== WHAT IS EXPECTED ==
When you restate the entries that follow, keep every word exactly and drop the pictures.

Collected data
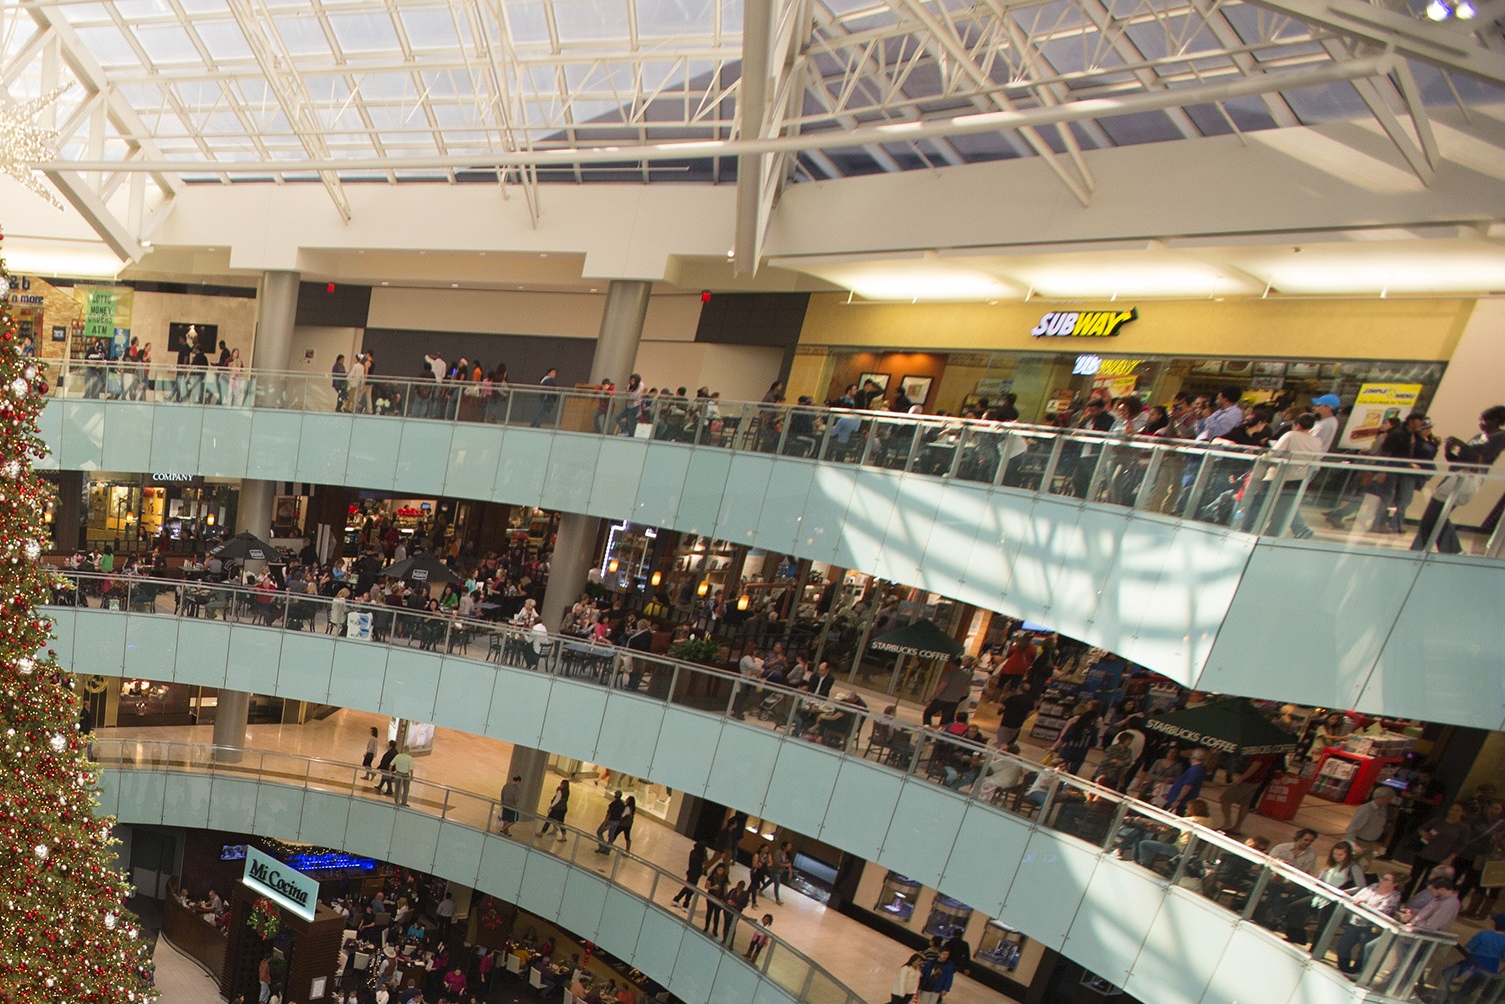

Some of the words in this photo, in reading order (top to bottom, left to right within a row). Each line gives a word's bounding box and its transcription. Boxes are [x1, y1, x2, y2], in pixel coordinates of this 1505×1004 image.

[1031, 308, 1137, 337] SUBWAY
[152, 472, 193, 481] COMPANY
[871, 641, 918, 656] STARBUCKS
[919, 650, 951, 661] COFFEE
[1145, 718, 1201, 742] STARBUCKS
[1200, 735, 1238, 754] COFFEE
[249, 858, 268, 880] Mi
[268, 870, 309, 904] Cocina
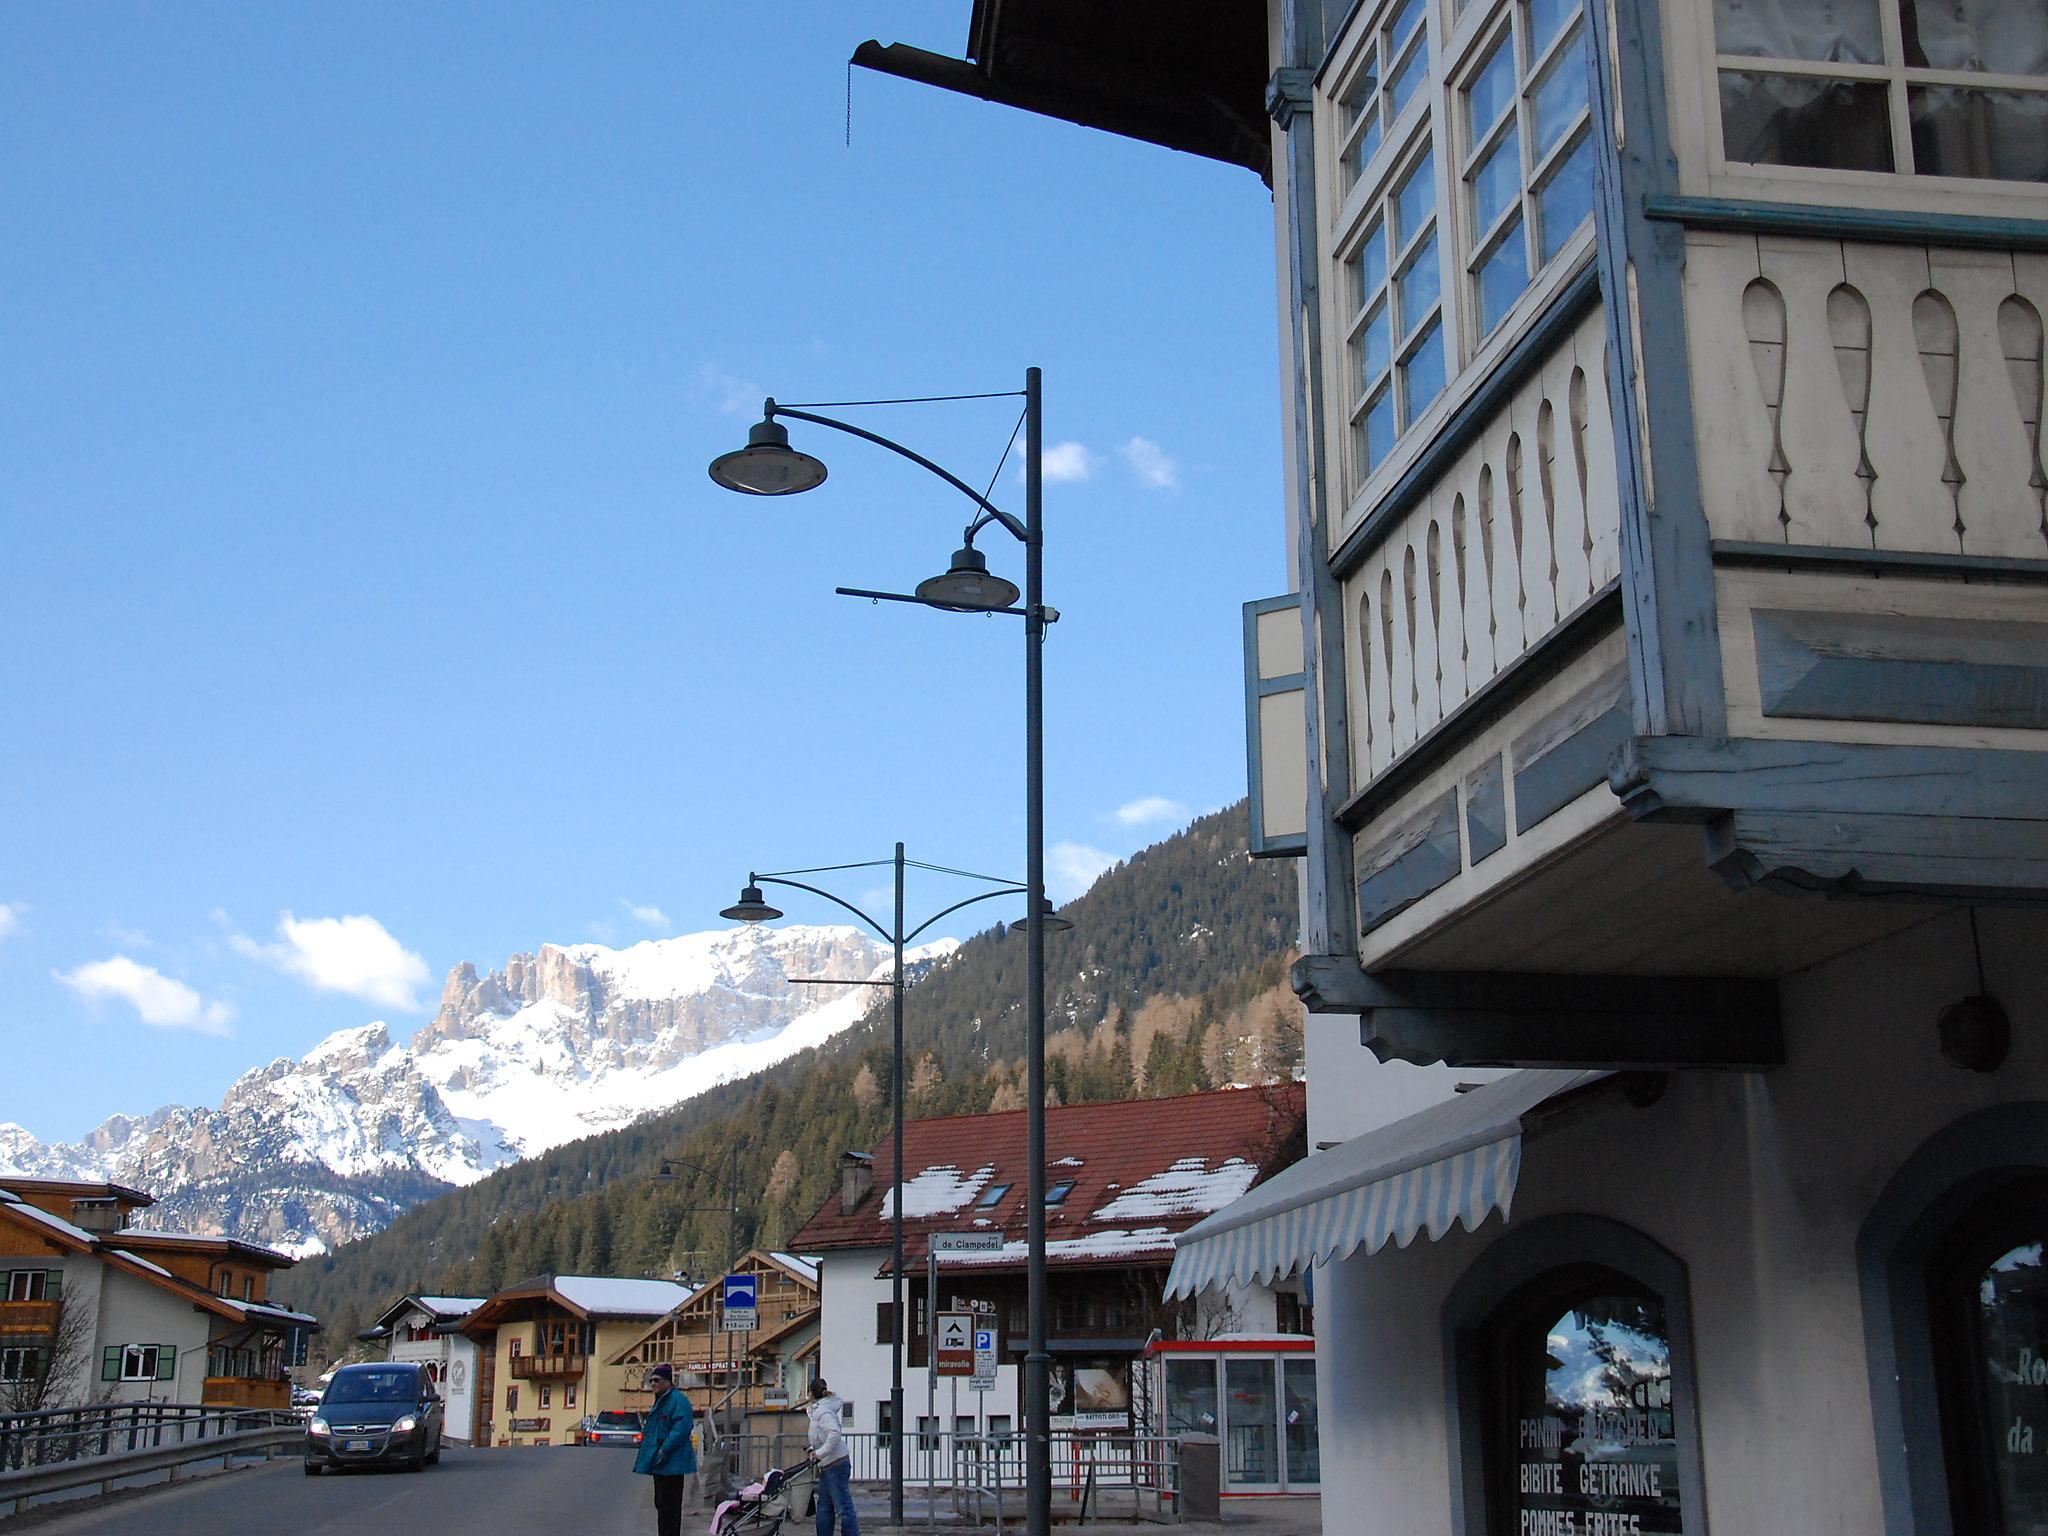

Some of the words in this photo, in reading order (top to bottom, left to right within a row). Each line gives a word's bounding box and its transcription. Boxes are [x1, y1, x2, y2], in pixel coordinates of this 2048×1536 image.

== FINAL ANSWER ==
Some of the words in this photo, in reading order (top to bottom, left to right within a row). Each line gives a word's bounding box and its transcription. Boxes are [x1, y1, x2, y2], in pixel coordinates of this 1505×1004 image.

[1031, 308, 1137, 337] SUBWAY
[152, 472, 193, 481] COMPANY
[871, 641, 918, 656] STARBUCKS
[919, 650, 951, 661] COFFEE
[1145, 718, 1201, 742] STARBUCKS
[1200, 735, 1238, 754] COFFEE
[249, 858, 268, 880] Mi
[268, 870, 309, 904] Cocina

Some of the words in this photo, in reading order (top to bottom, left to right within a row). Each line gives a word's bounding box and its transcription. Boxes are [x1, y1, x2, y2], in pixel coordinates of this 2048×1536 image.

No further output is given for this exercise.